### Try it
From the line holding "this 1932×1205 image." to the final line of the entries, set down each line exactly, including both, and nothing more.

Saved data entries
= = =

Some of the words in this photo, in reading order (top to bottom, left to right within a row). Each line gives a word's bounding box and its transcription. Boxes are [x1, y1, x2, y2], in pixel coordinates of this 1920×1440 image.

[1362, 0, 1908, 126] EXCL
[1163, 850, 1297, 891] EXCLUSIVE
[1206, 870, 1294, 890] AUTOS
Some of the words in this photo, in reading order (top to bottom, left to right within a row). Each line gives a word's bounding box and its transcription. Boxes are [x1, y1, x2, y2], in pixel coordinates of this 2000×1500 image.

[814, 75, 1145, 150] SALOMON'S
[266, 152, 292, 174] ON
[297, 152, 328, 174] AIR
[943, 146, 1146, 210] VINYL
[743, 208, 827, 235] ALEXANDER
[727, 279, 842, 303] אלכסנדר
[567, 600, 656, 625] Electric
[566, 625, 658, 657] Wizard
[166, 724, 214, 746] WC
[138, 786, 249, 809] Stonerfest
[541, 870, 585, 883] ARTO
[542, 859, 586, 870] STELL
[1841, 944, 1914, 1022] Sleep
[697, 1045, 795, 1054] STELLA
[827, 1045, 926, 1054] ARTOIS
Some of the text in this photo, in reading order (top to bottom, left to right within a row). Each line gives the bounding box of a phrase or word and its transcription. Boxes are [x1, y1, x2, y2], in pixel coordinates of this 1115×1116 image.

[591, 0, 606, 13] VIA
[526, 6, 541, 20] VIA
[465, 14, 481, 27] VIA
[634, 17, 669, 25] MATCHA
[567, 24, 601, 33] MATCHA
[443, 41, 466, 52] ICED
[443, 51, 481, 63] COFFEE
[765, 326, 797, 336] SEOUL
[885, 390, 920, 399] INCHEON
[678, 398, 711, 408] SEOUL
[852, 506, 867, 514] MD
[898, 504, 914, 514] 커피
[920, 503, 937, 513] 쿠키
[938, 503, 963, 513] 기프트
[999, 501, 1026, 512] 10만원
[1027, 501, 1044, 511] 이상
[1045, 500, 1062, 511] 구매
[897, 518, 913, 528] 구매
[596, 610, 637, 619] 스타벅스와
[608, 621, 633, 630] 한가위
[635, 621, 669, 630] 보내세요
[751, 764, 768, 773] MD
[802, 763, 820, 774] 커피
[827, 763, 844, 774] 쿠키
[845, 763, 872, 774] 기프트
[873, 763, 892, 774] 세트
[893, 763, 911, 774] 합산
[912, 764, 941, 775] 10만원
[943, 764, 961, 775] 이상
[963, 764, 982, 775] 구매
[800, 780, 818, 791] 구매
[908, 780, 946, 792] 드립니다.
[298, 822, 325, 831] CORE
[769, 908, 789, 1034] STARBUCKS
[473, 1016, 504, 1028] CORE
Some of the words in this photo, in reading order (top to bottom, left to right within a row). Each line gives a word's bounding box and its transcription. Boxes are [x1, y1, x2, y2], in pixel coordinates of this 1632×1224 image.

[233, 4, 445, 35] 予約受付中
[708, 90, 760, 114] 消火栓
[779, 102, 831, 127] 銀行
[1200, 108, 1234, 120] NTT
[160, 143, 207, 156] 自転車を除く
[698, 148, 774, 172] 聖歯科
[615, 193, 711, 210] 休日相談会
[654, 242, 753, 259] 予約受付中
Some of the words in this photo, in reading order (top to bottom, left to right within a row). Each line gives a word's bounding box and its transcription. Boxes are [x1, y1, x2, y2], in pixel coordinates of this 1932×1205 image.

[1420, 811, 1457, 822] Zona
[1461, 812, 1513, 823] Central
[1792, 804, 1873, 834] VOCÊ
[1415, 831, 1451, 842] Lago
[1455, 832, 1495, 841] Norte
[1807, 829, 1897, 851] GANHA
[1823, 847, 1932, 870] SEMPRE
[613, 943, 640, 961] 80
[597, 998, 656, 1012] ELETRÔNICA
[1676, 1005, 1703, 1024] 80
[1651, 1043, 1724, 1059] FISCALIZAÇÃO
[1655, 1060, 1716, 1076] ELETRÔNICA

= = =

### Written solution
Some of the words in this photo, in reading order (top to bottom, left to right within a row). Each line gives a word's bounding box and its transcription. Boxes are [x1, y1, x2, y2], in pixel coordinates of this 1932×1205 image.

[1420, 811, 1457, 822] Zona
[1461, 812, 1513, 823] Central
[1792, 804, 1873, 834] VOCÊ
[1415, 831, 1451, 842] Lago
[1455, 832, 1495, 841] Norte
[1807, 829, 1897, 851] GANHA
[1823, 847, 1932, 870] SEMPRE
[613, 943, 640, 961] 80
[597, 998, 656, 1012] ELETRÔNICA
[1676, 1005, 1703, 1024] 80
[1651, 1043, 1724, 1059] FISCALIZAÇÃO
[1655, 1060, 1716, 1076] ELETRÔNICA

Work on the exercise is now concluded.